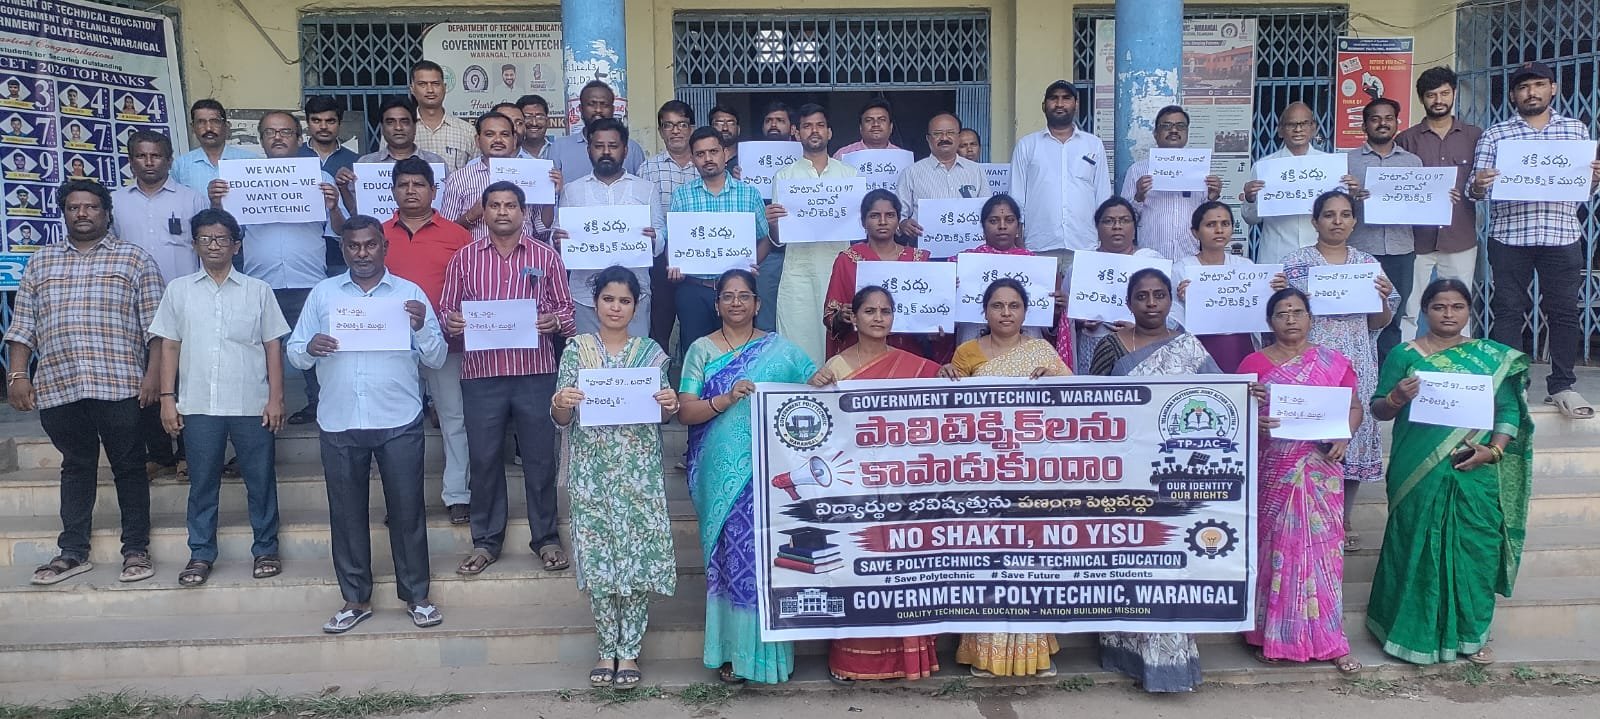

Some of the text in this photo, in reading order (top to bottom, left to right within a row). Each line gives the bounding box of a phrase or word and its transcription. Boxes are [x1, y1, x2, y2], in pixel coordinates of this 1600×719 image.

[0, 6, 60, 24] GOVERNMENT
[76, 20, 122, 36] TELANGANA
[41, 0, 53, 11] OF
[54, 4, 108, 22] TECHNICAL
[110, 16, 156, 31] EDUCATION
[448, 24, 488, 32] DEPARTMENT
[490, 24, 498, 32] OF
[500, 24, 534, 32] TECHNICAL
[442, 40, 508, 50] GOVERNMENT
[40, 62, 67, 76] 2026
[70, 67, 98, 80] TOP
[101, 71, 146, 87] RANKS
[34, 80, 51, 108] 3
[90, 88, 104, 115] 4
[146, 94, 162, 120] 4
[36, 117, 50, 144] 7
[94, 124, 106, 150] 7
[40, 152, 54, 178] 9
[246, 166, 296, 174] WE WANT
[229, 180, 289, 188] EDUCATION
[40, 187, 58, 214] 14
[246, 192, 303, 201] WANT OUR
[242, 204, 311, 214] POLYTECHNIC
[1076, 291, 1125, 306] పాలిటెక్ని
[852, 390, 1142, 409] GOVERNMENT POLYTECHNIC, WARANGAL
[860, 452, 1124, 488] కాపాడుకుందాం
[1167, 482, 1232, 490] OUR IDENTITY
[1170, 491, 1228, 499] OUR RIGHTS
[816, 500, 902, 520] విద్యార్థుల
[908, 496, 1012, 514] భవిష్యత్తును
[1018, 496, 1082, 510] పణంగా
[890, 523, 1144, 550] NO SHAKTI, NO YISU
[860, 554, 1182, 572] SAVE POLYTECHNICS SAVE TECHNICAL EDUCATION
[920, 572, 975, 584] Polytechnic
[1028, 571, 1060, 579] Future
[1110, 570, 1152, 578] Students
[854, 585, 1238, 610] GOVERNMENT POLYTECHNIC, WARANGAL
[897, 610, 932, 618] QUALITY
[1115, 606, 1150, 614] MISSION
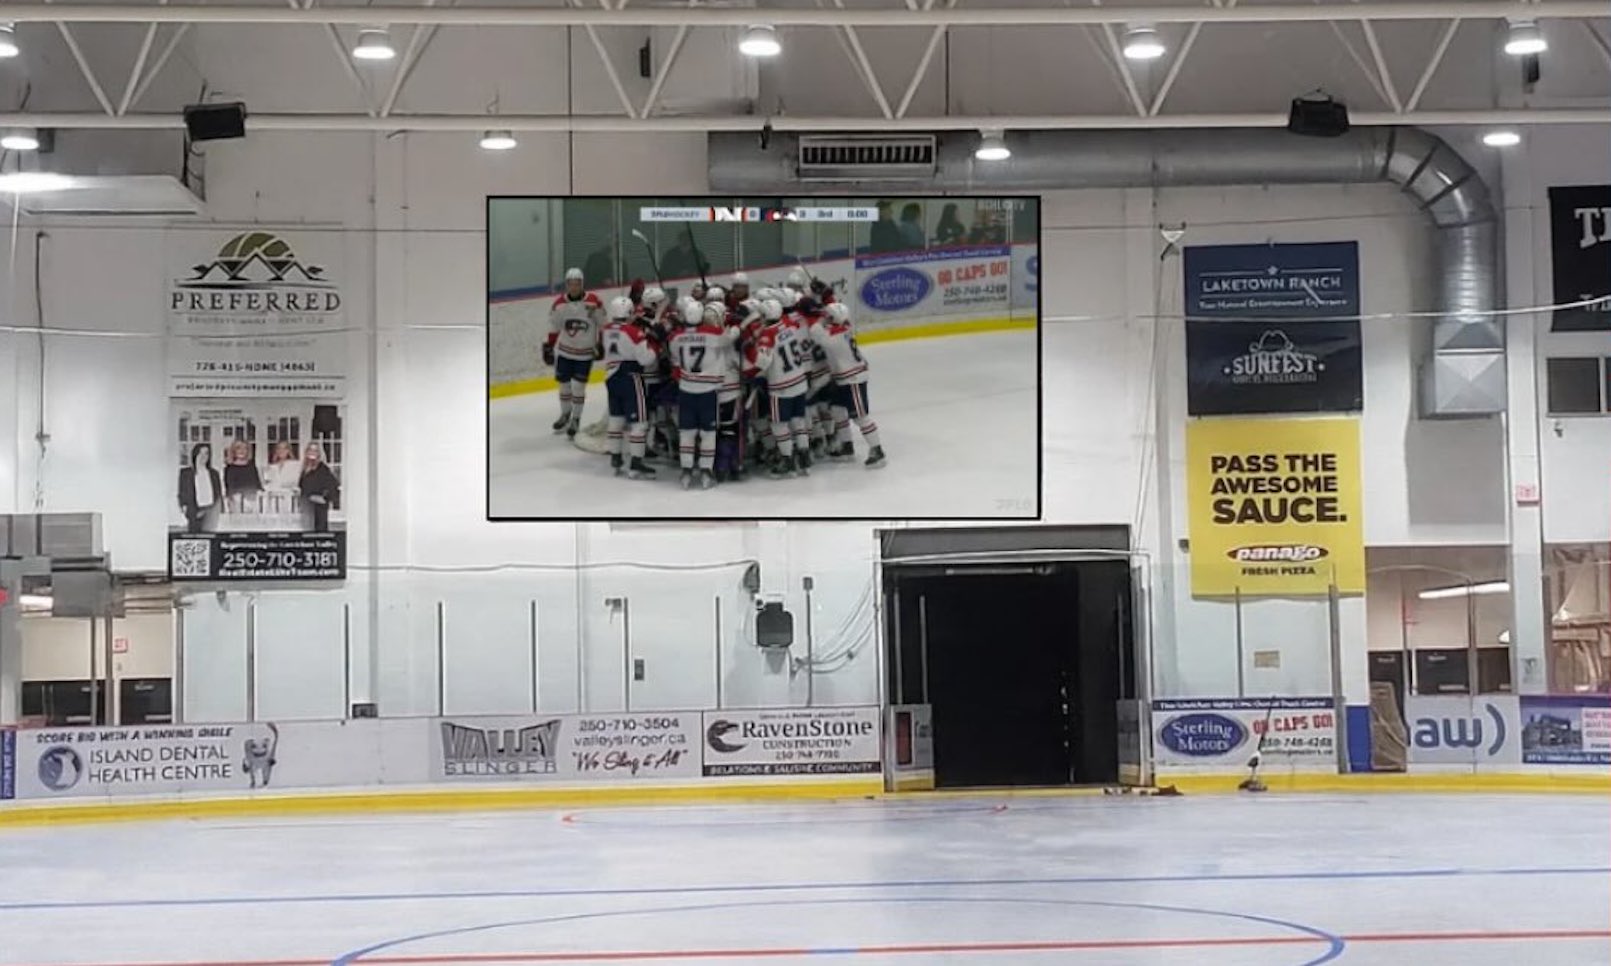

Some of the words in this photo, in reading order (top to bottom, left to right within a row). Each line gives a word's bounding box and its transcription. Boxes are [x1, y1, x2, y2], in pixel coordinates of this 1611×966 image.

[955, 263, 986, 281] CAPS
[870, 273, 921, 291] Sterling
[1202, 278, 1285, 293] LAKETOWN
[1289, 276, 1341, 291] RANCH
[171, 291, 341, 312] PREFERRED
[679, 344, 707, 373] 17
[1232, 349, 1318, 376] SUNFEST
[1210, 454, 1279, 475] PASS
[1284, 453, 1337, 473] THE
[1210, 475, 1338, 496] AWESOME
[1212, 496, 1348, 525] SAUCE.
[223, 551, 338, 568] 250-710-3181
[1235, 545, 1321, 562] panago
[1241, 566, 1279, 576] FRESH
[1281, 565, 1316, 575] PIZZA
[579, 718, 680, 732] 250-710-3504
[741, 720, 873, 739] RavenStone
[1171, 720, 1233, 739] Sterling
[1274, 716, 1309, 732] CAPS
[36, 732, 74, 744] SCORE
[77, 731, 97, 743] BIG
[100, 730, 128, 742] WITH
[131, 730, 142, 741] A
[441, 719, 562, 760] VALLEY
[574, 732, 687, 747] valleyslinger.ca
[763, 738, 852, 750] CONSTRUCTION
[1178, 738, 1230, 752] Motors
[89, 746, 153, 764] ISLAND
[160, 744, 230, 762] DENTAL
[88, 766, 155, 784] HEALTH
[161, 763, 232, 781] CENTRE
[445, 761, 557, 776] SLINGER

■ **WHAT YOU ARE ASKED TO DO**
Exact copies of all the entries, without any pictures, are what the answer must contain.

■ **WRITTEN SOLUTION**
Some of the text in this photo, in reading order (top to bottom, left to right within a row). Each line gives the bounding box of a phrase or word and its transcription. Boxes are [x1, y1, x2, y2], in pixel coordinates of this 1600×719 image.

[0, 6, 60, 24] GOVERNMENT
[76, 20, 122, 36] TELANGANA
[41, 0, 53, 11] OF
[54, 4, 108, 22] TECHNICAL
[110, 16, 156, 31] EDUCATION
[448, 24, 488, 32] DEPARTMENT
[490, 24, 498, 32] OF
[500, 24, 534, 32] TECHNICAL
[442, 40, 508, 50] GOVERNMENT
[40, 62, 67, 76] 2026
[70, 67, 98, 80] TOP
[101, 71, 146, 87] RANKS
[34, 80, 51, 108] 3
[90, 88, 104, 115] 4
[146, 94, 162, 120] 4
[36, 117, 50, 144] 7
[94, 124, 106, 150] 7
[40, 152, 54, 178] 9
[246, 166, 296, 174] WE WANT
[229, 180, 289, 188] EDUCATION
[40, 187, 58, 214] 14
[246, 192, 303, 201] WANT OUR
[242, 204, 311, 214] POLYTECHNIC
[1076, 291, 1125, 306] పాలిటెక్ని
[852, 390, 1142, 409] GOVERNMENT POLYTECHNIC, WARANGAL
[860, 452, 1124, 488] కాపాడుకుందాం
[1167, 482, 1232, 490] OUR IDENTITY
[1170, 491, 1228, 499] OUR RIGHTS
[816, 500, 902, 520] విద్యార్థుల
[908, 496, 1012, 514] భవిష్యత్తును
[1018, 496, 1082, 510] పణంగా
[890, 523, 1144, 550] NO SHAKTI, NO YISU
[860, 554, 1182, 572] SAVE POLYTECHNICS SAVE TECHNICAL EDUCATION
[920, 572, 975, 584] Polytechnic
[1028, 571, 1060, 579] Future
[1110, 570, 1152, 578] Students
[854, 585, 1238, 610] GOVERNMENT POLYTECHNIC, WARANGAL
[897, 610, 932, 618] QUALITY
[1115, 606, 1150, 614] MISSION

Some of the words in this photo, in reading order (top to bottom, left to right within a row). Each line gives a word's bounding box and its transcription. Boxes are [x1, y1, x2, y2], in pixel coordinates of this 1611×966 image.

[955, 263, 986, 281] CAPS
[870, 273, 921, 291] Sterling
[1202, 278, 1285, 293] LAKETOWN
[1289, 276, 1341, 291] RANCH
[171, 291, 341, 312] PREFERRED
[679, 344, 707, 373] 17
[1232, 349, 1318, 376] SUNFEST
[1210, 454, 1279, 475] PASS
[1284, 453, 1337, 473] THE
[1210, 475, 1338, 496] AWESOME
[1212, 496, 1348, 525] SAUCE.
[223, 551, 338, 568] 250-710-3181
[1235, 545, 1321, 562] panago
[1241, 566, 1279, 576] FRESH
[1281, 565, 1316, 575] PIZZA
[579, 718, 680, 732] 250-710-3504
[741, 720, 873, 739] RavenStone
[1171, 720, 1233, 739] Sterling
[1274, 716, 1309, 732] CAPS
[36, 732, 74, 744] SCORE
[77, 731, 97, 743] BIG
[100, 730, 128, 742] WITH
[131, 730, 142, 741] A
[441, 719, 562, 760] VALLEY
[574, 732, 687, 747] valleyslinger.ca
[763, 738, 852, 750] CONSTRUCTION
[1178, 738, 1230, 752] Motors
[89, 746, 153, 764] ISLAND
[160, 744, 230, 762] DENTAL
[88, 766, 155, 784] HEALTH
[161, 763, 232, 781] CENTRE
[445, 761, 557, 776] SLINGER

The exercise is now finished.